La réponse à cette interrogation fondamentale est que ces réunions de citoyens, choisis « par le hasard », ne peuvent avoir qu’un rôle consultatif. Leurs conclusions et leurs propositions ne sauraient être transmises « sans filtre » aux institutions de la République représentative et prendre ainsi la place de ces dernières pour élaborer la loi et contrôler l’action de l’exécutif. Ces personnes ne sont ni « le peuple » ni les « représentants du peuple », elles ont consacré un certain temps à essayer de comprendre et à discuter des problèmes de la vie publique. Mais leurs conclusions n’ont pas plus de légitimité que celles d’un groupe de personnes compétentes, ou jugées telles, qui publient une tribune dans Le Monde ou sur un blog (formule plus récente) et qui contribuent aussi au débat public. Le fait qu’on puisse penser, en étant optimiste, qu’elles ont acquis par leurs débats une forme de compétence ne leur donne pour autant aucune légitimité dans le processus d’adoption des décisions politiques. Les climatologues académiques (GIEC) dont la compétence est non seulement supérieure à la leur, mais d’une autre nature, ne dictent pas leurs décisions aux gouvernants, même s’ils cherchent à se faire entendre d’eux pour « éclairer leur action », selon la formule de Durkheim.

Dans le passé, les démocraties ont souvent créé des commissions avec l’intention affichée de « résoudre » un problème, c’est-à-dire, selon la formule célèbre, de « l’enterrer ». Mais il est aussi arrivé que certaines d’entre elles, formées d’experts en général nommés par le gouvernement, ont effectivement éclairé le débat public et contribué ainsi à traiter un problème politique. C’est au Royaume-Uni qu’elles ont été souvent efficaces en ce sens.

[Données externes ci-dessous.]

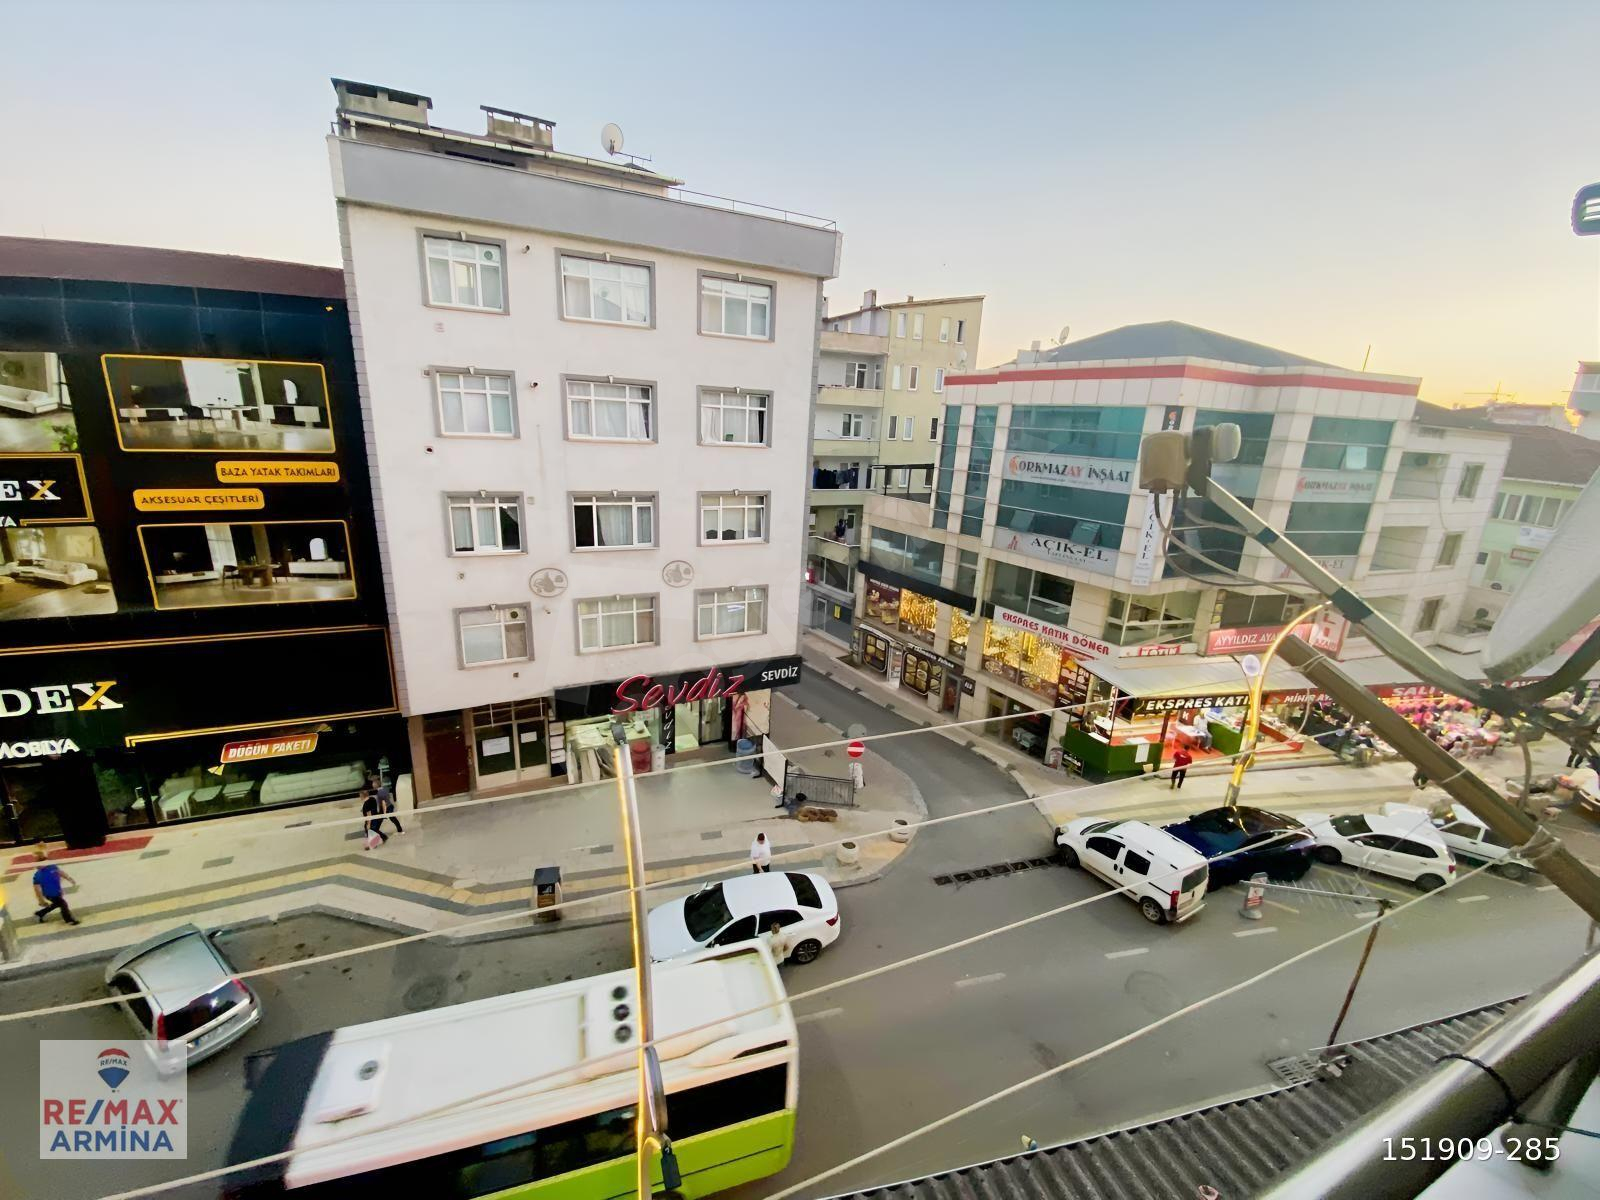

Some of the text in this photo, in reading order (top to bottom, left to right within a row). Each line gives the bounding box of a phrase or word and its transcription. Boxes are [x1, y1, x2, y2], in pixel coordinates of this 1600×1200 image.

[221, 467, 248, 477] BAZA
[250, 467, 282, 477] YATAK
[141, 496, 201, 505] AKSESUAR
[1072, 633, 1110, 656] DÖNER
[761, 665, 799, 682] SEVDİZ
[610, 665, 745, 713] Sevdiz
[1146, 695, 1250, 711] EKSPRES KATI
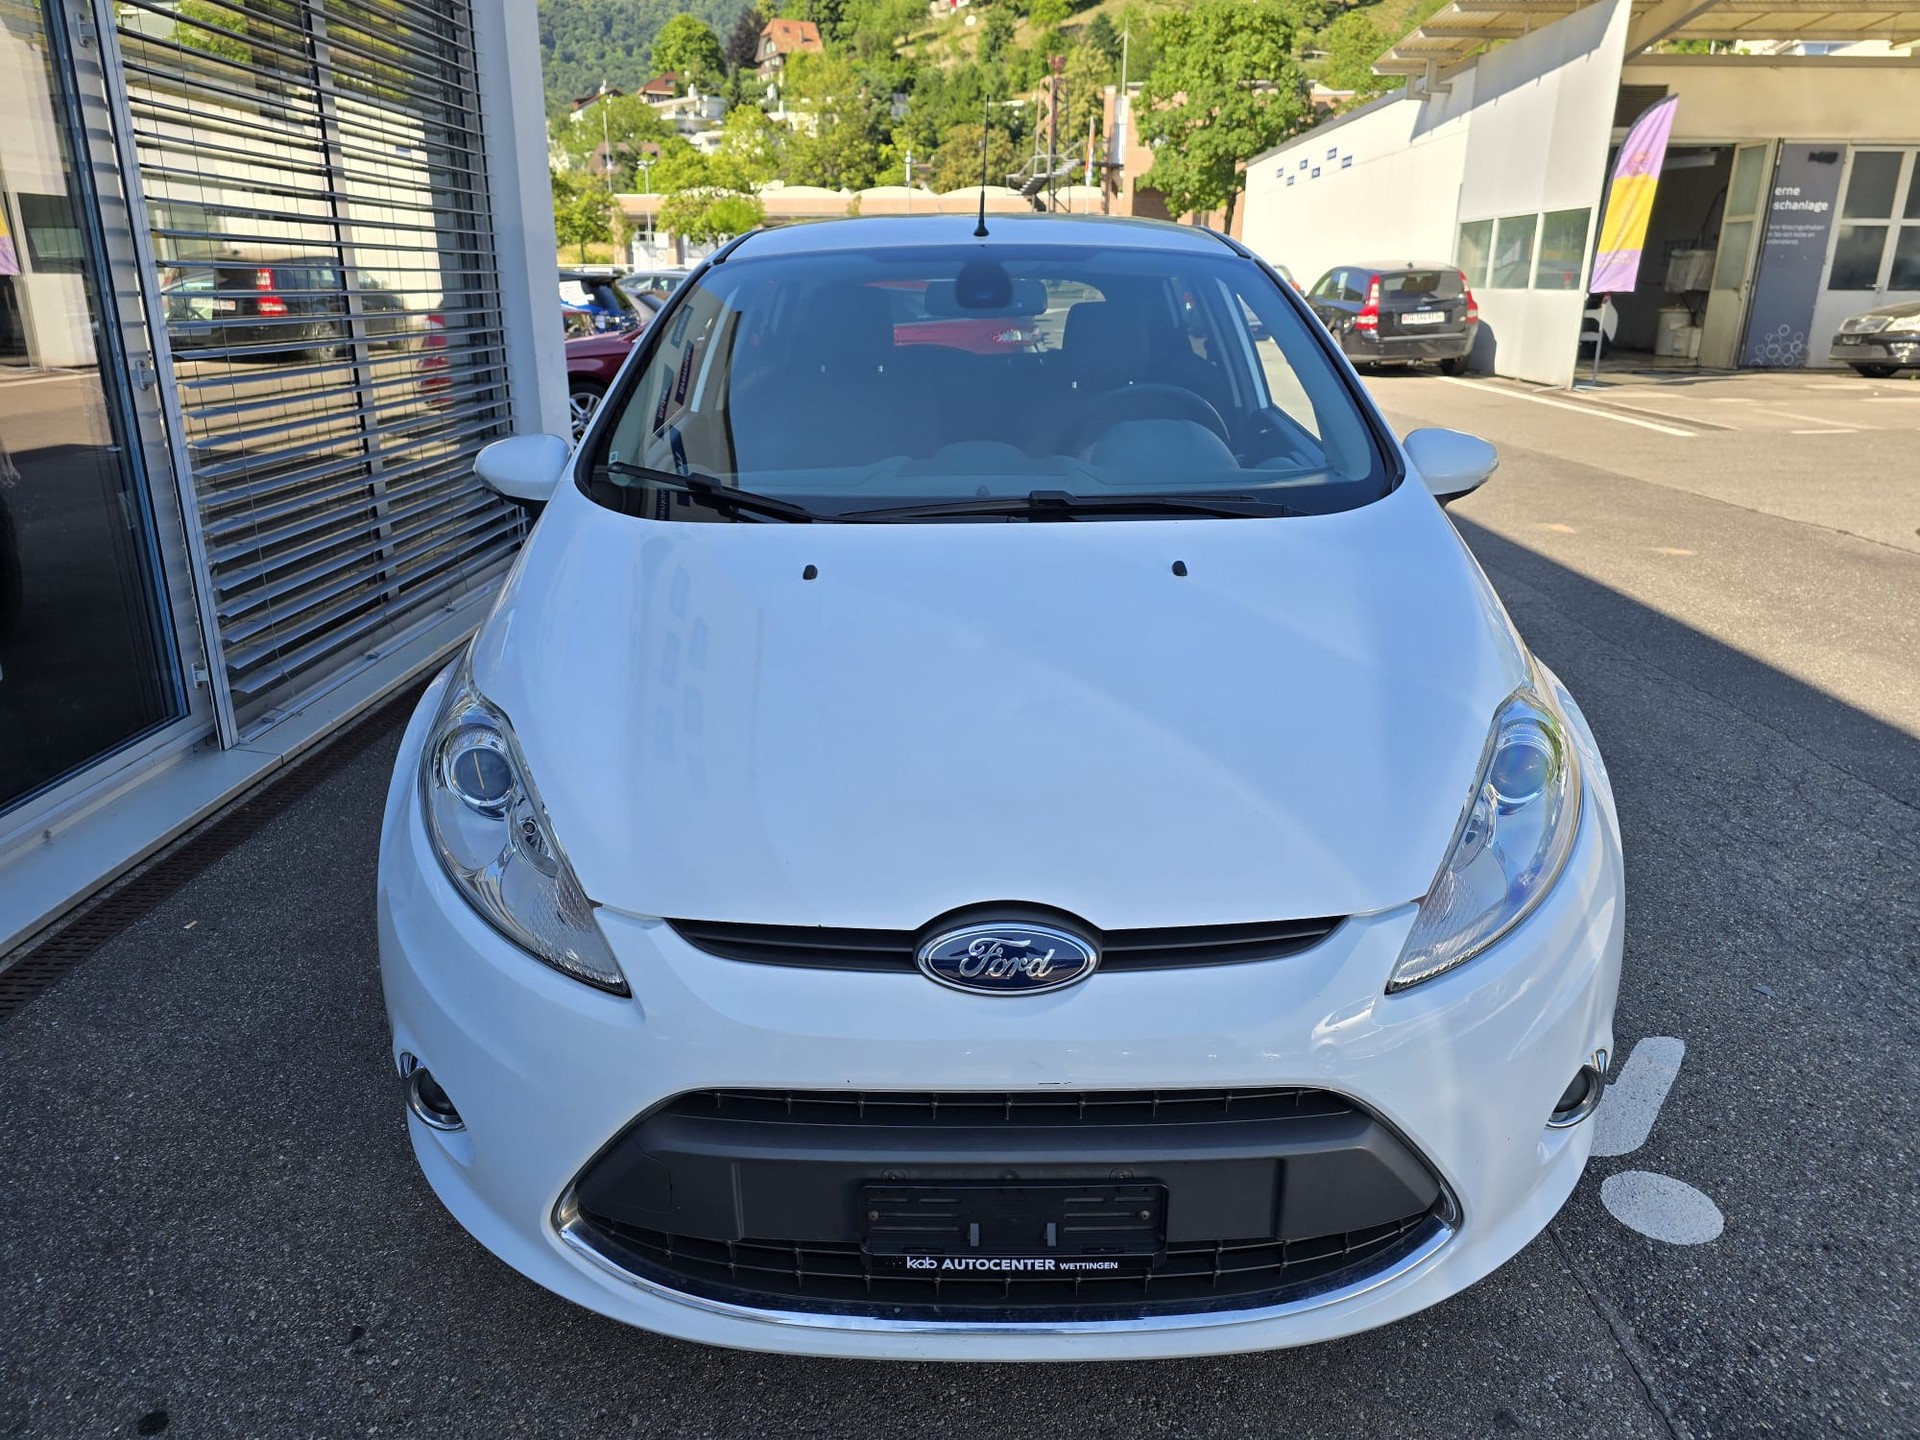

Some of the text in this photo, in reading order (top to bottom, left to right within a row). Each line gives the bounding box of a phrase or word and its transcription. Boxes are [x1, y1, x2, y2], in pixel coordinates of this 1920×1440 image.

En France, on peut citer la commission de la nationalité de 1987 à laquelle l’un d’entre nous (DS) a participé, la diffusion des auditions par la télévision (à l’époque média essentiel) a eu un certain effet sur les termes du débat, le rapport a été apprécié et cité, mais ses membres n’ont jamais prétendu que leurs propositions pourraient remplacer ou même guider les décisions des institutions démocratiques et ils l’ont souvent répété. Il n’y a eu aucun contrôle par les membres de la commission sur la loi qui a été adoptée en 1992. Il est vrai que les réseaux sociaux n’existaient pas en 1987…

Aujourd’hui, les « élites » sont à ce point démonétisées qu’il semble invraisemblable qu’une commission de ce type, nommée par le gouvernement, présidée par le vice-président du Conseil d’Etat, formée d’universitaires et de hauts fonctionnaires, plus quelques « témoins », bref une commission d’« experts », soit entendue dans le débat public. Si, plus récemment, le rapport de Nicole Notat et de Jean-Dominique Sénart, nourri par de nombreuses consultations, a alimenté le débat sur la mission de l’entreprise, il apparaissait trop technique pour nourrir les passions politiques. La loi adoptée par le Parlement à la suite du rapport n’a d’ailleurs suivi que partiellement ses conclusions.

Les « réunions » de citoyens peuvent contribuer au débat public si elle se conforment scrupuleusement aux conditions que nous avons évoquées. Mais elles ne sauraient remettre en cause la légitimité de la représentation.